Hexagram 26 (大畜, Dà Xù) is one of the 64 classical I Ching hexagrams. Wilhelm’s English translation renders the hexagram’s name as “The Taming Power of the Great”. This page describes how classical commentary reads this hexagram when received in answer to a career question.
“The Taming Power of the Great. Perseverance furthers. Not eating at home brings good fortune. It furthers one to cross the great water.”
— classical judgment text
“Heaven within the mountain: the image of the Taming Power of the Great. Thus the noble person acquaints themselves with many sayings of antiquity and many deeds of the past, in order to strengthen their character thereby.”
— classical image text
The hexagram’s general theme
Great power held in restraint — heaven contained inside a mountain. Civic life requires putting service to the state above eating at home.
Classical keywords: great restraint, accumulated power, studying classics, service over comfort, patient strength.
大畜 Dà Xù read for career questions
Classical I Ching commentary reads career questions through the hexagram's overall register of action, timing, and the relationship between effort and reward. The hexagram describes the field of forces around the career question; classical doctrine reads whether the moment favours bold action, patient consolidation, strategic withdrawal, or reconsideration of direction.

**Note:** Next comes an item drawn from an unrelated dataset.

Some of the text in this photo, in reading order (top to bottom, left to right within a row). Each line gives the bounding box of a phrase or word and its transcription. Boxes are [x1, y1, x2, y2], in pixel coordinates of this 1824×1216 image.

For career-domain questions specifically, the hexagram’s register touches: building deep expertise. These are among the modern interpretive resonances classical commentary recognises in the hexagram.

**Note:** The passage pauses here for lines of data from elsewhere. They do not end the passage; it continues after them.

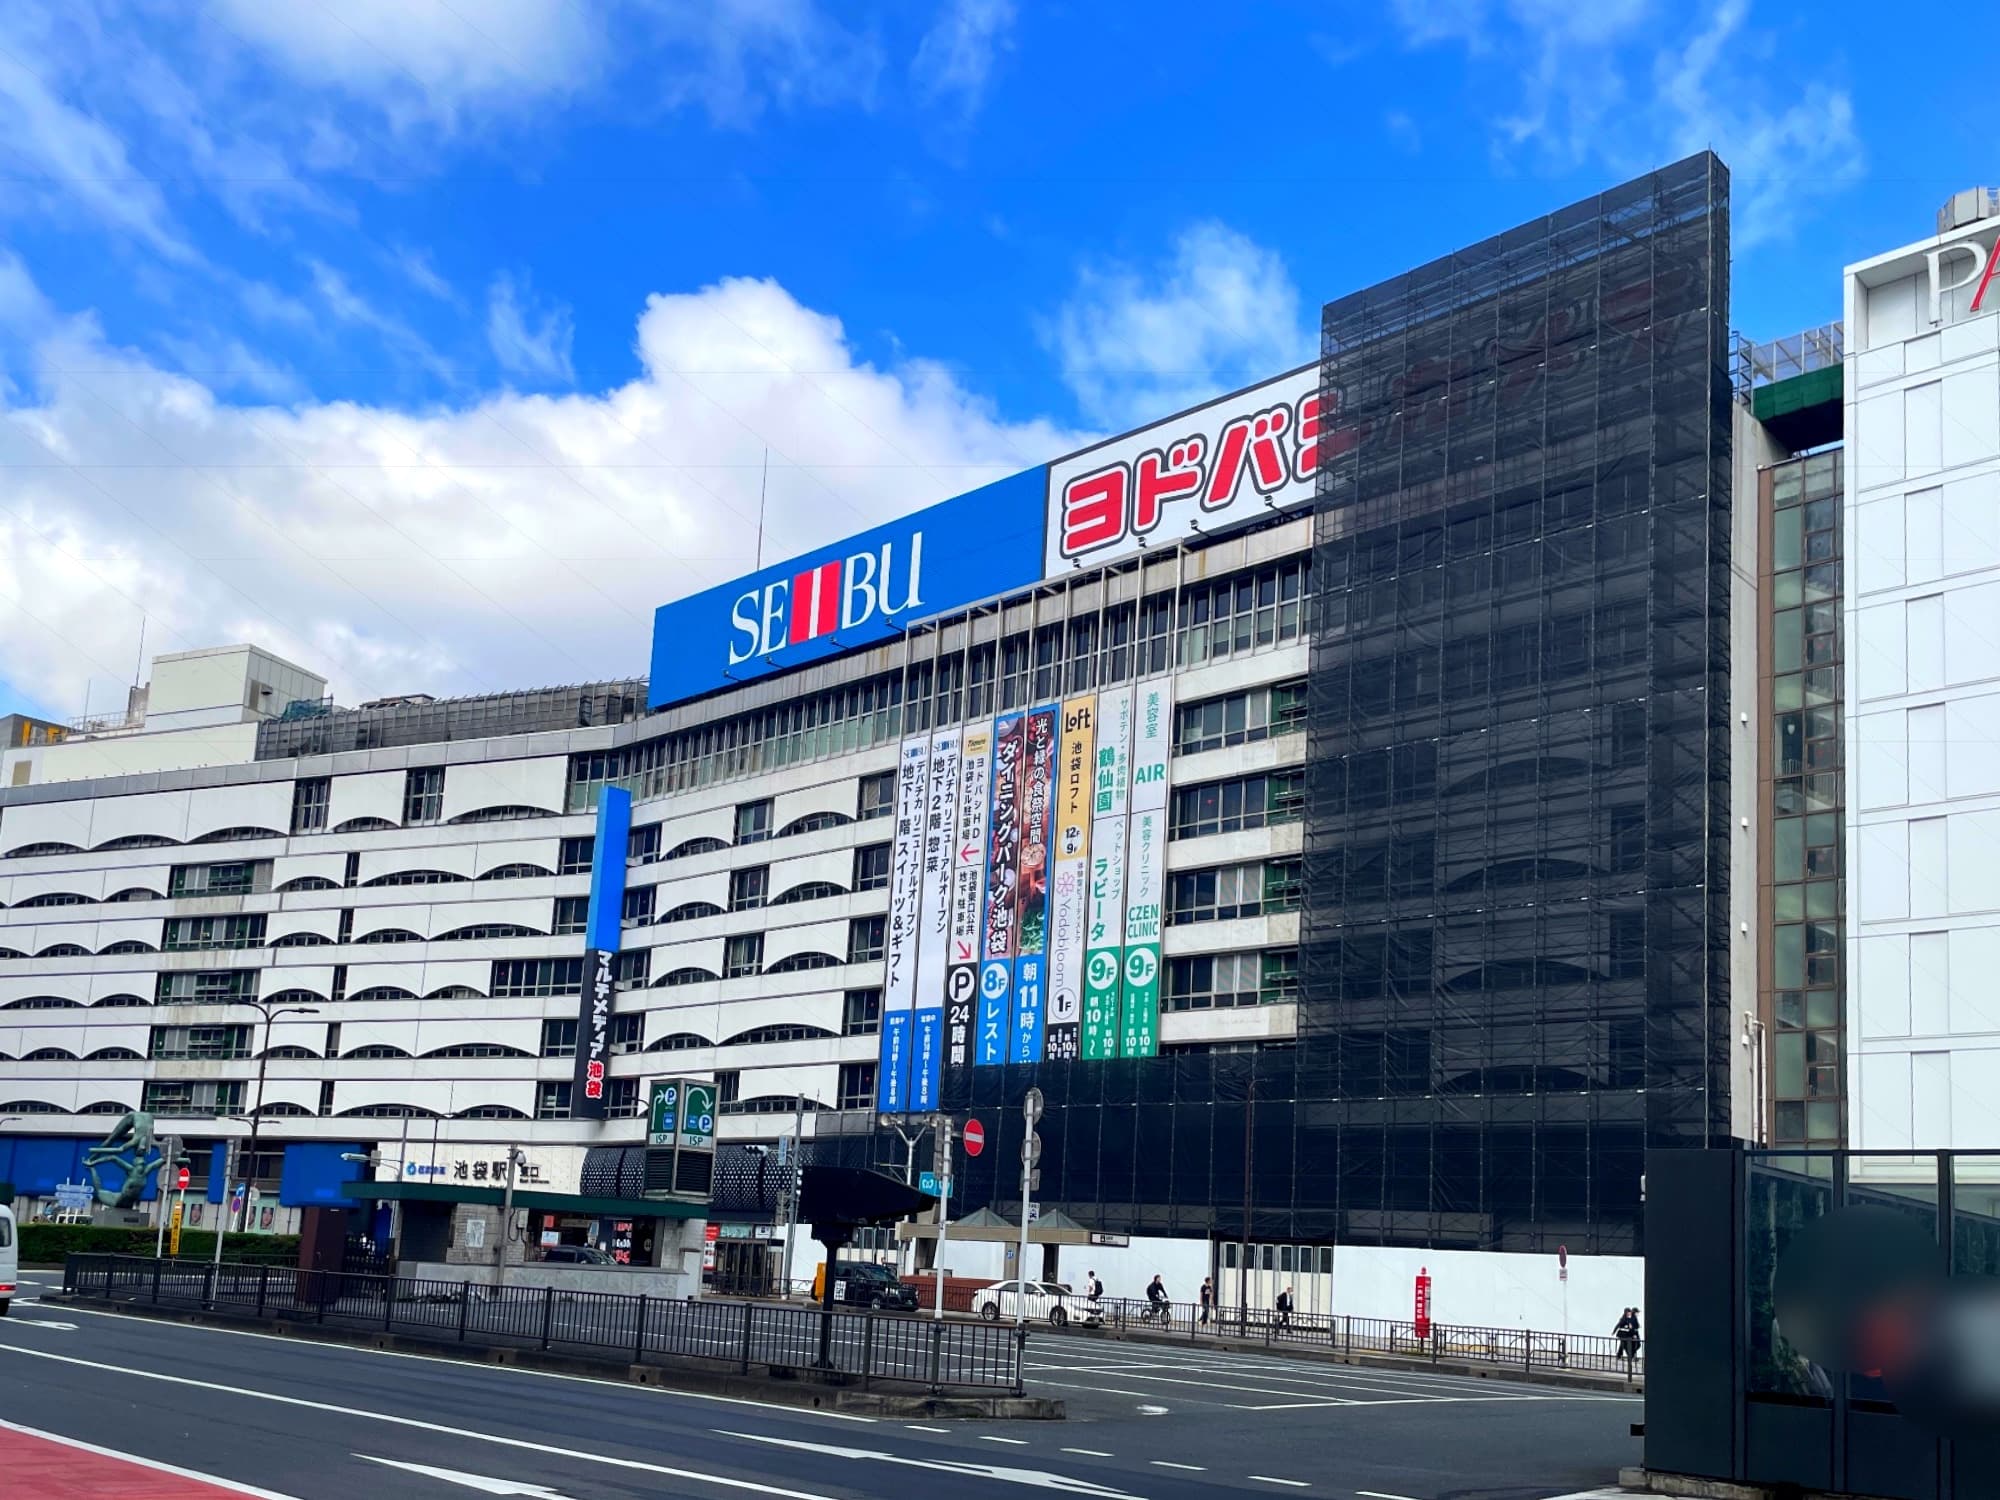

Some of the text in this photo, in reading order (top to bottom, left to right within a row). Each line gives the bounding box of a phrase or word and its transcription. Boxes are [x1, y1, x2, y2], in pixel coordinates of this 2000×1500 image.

[729, 531, 926, 666] SEIBU
[1146, 691, 1159, 738] 美容室
[899, 763, 915, 837] 地下1階
[929, 757, 945, 831] 地下2階
[1070, 741, 1082, 814] 池袋ロフト
[1096, 745, 1115, 813] 鶴仙園
[1135, 763, 1165, 785] AIR
[991, 739, 1018, 954] ダイニングパーク池袋
[1140, 815, 1152, 898] 美容クリニック
[1091, 858, 1108, 941] ラビータ
[1128, 904, 1159, 922] CZEN
[1055, 898, 1071, 988] Yodobloom
[1127, 921, 1159, 939] CLINIC
[954, 972, 970, 999] P
[983, 969, 1005, 992] 8F
[1091, 958, 1114, 982] 9F
[1129, 954, 1154, 978] 9F
[1019, 962, 1038, 1063] 朝11時から
[1057, 994, 1072, 1013] 1F
[949, 1005, 970, 1067] 24時間
[984, 1001, 1000, 1065] レスト
[656, 1134, 668, 1144] ISP
[689, 1135, 703, 1146] ISP
[454, 1160, 508, 1181] 池袋駅

Classical guidance for the hexagram: Restrain power — civilize it through study and service. Eat in the king's hall, not at home. Cross the great water with accumulated strength.
Read against a career question, this guidance describes the field of forces around the hexagram's overall register of action, timing, and the relationship between effort and reward. the hexagram describes the field of forces around the career question; classical doctrine reads whether the moment favours bold action, patient consolidation, strategic withdrawal, or reconsideration of direction.. The action the guidance suggests — or warns against — applies to the career question being asked, with the chart-specific qualifications that consultation provides.
Configuration
- Hexagram: #26 大畜 (Dà Xù), “The Taming Power of the Great”
- Question type: Career (事業)
- Question domain: Professional advancement, job decisions, business ventures, vocational direction
- Upper trigram: gen · Lower trigram: qian
- Hexagram lines (top to bottom):
100111(1 = yang / solid, 0 = yin / broken)
Why a generic hexagram-for-career interpretation falls short
This page describes what classical commentary reads when Hexagram 26 is received for a career question — the hexagram’s general register applied to the career domain. But a complete I Ching reading for a specific question requires the casting method (yarrow vs three-coin), identification of changing lines, the resulting secondary hexagram, and integration with the querent’s specific BaZi chart. Without those, the reading is reference-level — the broad register, not the chart-specific application. For chart-aware reading on a specific career question, book a BaZi consultation — the four-pillar chart layered with the I Ching reading produces deeper diagnostic resolution than the I Ching reading alone.